HID client drivers
If a system-supplied HID minidriver does not support a device's port or bus, a vendor supplied minidriver is required.
The following figure illustrates a driver stack for a generic HIDClass device (which might use optional and required vendor-supplied components).
Windows builds the driver stack as follows:
- The transport stack creates a physical device object (PDO) for each HID device attached and loads the appropriate HID transport driver which in turn loads the HID Class Driver.
- The HID class driver creates a PDO for the TLC . For complex devices with multiple TLC, HID Class driver creates a PDO for each TLC and ensures that the hardware ID associated with the TLC includes an identifier to represent each device object.
- A vendor-supplied function or filter driver creates an FDO or a filter DO for a HID collection.
- Alternatively a vendor-supplied application can open the device using SetupDI* APIs to identify the device and then HID supported routines to communicate with the device. Such devices are said to be opened in RAW mode.

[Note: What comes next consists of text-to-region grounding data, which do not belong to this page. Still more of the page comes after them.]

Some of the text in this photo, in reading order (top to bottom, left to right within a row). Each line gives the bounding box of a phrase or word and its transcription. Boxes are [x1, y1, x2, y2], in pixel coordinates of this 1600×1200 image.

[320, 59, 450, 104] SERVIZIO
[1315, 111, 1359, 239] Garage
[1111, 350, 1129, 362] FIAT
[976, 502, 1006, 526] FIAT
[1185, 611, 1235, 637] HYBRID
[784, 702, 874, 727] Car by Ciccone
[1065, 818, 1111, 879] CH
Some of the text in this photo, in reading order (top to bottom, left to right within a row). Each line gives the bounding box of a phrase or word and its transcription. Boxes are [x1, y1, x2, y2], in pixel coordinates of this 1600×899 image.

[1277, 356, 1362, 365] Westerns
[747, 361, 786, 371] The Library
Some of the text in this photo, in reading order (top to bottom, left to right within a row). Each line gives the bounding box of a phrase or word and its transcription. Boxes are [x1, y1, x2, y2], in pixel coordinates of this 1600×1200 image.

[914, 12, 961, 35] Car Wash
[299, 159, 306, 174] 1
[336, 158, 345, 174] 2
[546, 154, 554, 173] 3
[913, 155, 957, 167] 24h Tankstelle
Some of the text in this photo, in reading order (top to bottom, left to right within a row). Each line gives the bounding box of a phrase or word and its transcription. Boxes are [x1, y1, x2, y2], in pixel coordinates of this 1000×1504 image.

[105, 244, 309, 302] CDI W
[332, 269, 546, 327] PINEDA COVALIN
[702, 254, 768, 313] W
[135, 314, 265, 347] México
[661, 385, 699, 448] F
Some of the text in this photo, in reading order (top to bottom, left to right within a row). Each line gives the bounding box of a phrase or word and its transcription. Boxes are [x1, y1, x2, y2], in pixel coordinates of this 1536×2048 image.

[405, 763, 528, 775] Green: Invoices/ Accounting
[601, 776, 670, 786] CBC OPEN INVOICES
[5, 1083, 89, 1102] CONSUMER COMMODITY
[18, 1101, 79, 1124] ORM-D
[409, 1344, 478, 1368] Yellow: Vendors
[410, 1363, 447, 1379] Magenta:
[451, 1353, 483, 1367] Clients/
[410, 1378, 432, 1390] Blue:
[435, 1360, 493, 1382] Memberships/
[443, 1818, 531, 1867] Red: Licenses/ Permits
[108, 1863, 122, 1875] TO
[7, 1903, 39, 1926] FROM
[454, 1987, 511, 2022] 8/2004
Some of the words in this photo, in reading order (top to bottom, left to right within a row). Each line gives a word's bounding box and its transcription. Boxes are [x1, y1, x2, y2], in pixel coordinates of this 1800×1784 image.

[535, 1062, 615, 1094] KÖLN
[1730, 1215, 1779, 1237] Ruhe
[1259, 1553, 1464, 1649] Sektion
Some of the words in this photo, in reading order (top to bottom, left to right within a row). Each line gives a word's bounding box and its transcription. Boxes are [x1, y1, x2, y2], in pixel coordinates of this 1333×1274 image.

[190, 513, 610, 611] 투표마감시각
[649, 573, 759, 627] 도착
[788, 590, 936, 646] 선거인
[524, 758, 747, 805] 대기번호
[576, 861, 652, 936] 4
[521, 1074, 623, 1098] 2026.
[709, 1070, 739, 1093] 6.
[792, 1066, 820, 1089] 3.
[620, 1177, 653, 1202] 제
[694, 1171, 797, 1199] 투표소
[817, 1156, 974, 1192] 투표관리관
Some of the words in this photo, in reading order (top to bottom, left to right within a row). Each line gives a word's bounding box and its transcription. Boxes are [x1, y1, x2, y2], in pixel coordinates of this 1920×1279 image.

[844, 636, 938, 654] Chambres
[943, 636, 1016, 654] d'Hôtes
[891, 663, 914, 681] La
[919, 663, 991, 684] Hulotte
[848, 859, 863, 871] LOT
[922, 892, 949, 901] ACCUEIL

If the system-supplied Minidriver Operations do not support a device, a vendor-supplied HID minidriver is required. You can implement this minidriver in two ways:
- HID client driver
- Application accesses HID directly
If a vendor supplies a driver (other than a minidriver), that driver:
- Must comply with the minimum requirements on Windows driver. Ideally, this should be based on the user-mode driver framework (UMDF) or the kernel-mode driver framework (KMDF). A less ideal solution is to create a WDM function driver, as described in Windows Driver Model.
- Typically supports a vendor-defined device interface -- see Device Interface Classes. Upper-level drivers or user-mode applications use the custom interface to access the devices that the vendor driver operates. The custom interface might add functionality or, perhaps, simplify the interface to the HID class driver.
If the driver is not a function driver or filter driver, it can use Plug and Play notification to find HID collections. After finding a collection, the driver opens the collection and operates it in the same manner as a function or filter driver.
- If a vendor-supplied function driver creates an FDO or filter DO for a HID collection, it should not use the FsContext field of FILE_OBJECT to store file object-specific data. The FsContext field is reserved for the HID class driver. If another driver in the stack needs to store file object-specific context data, it should use the FsContext2 field instead.
- If there are multiple devices attached to the PDO, there is no built-in mechanism to determine which device can use the FsContext2 field.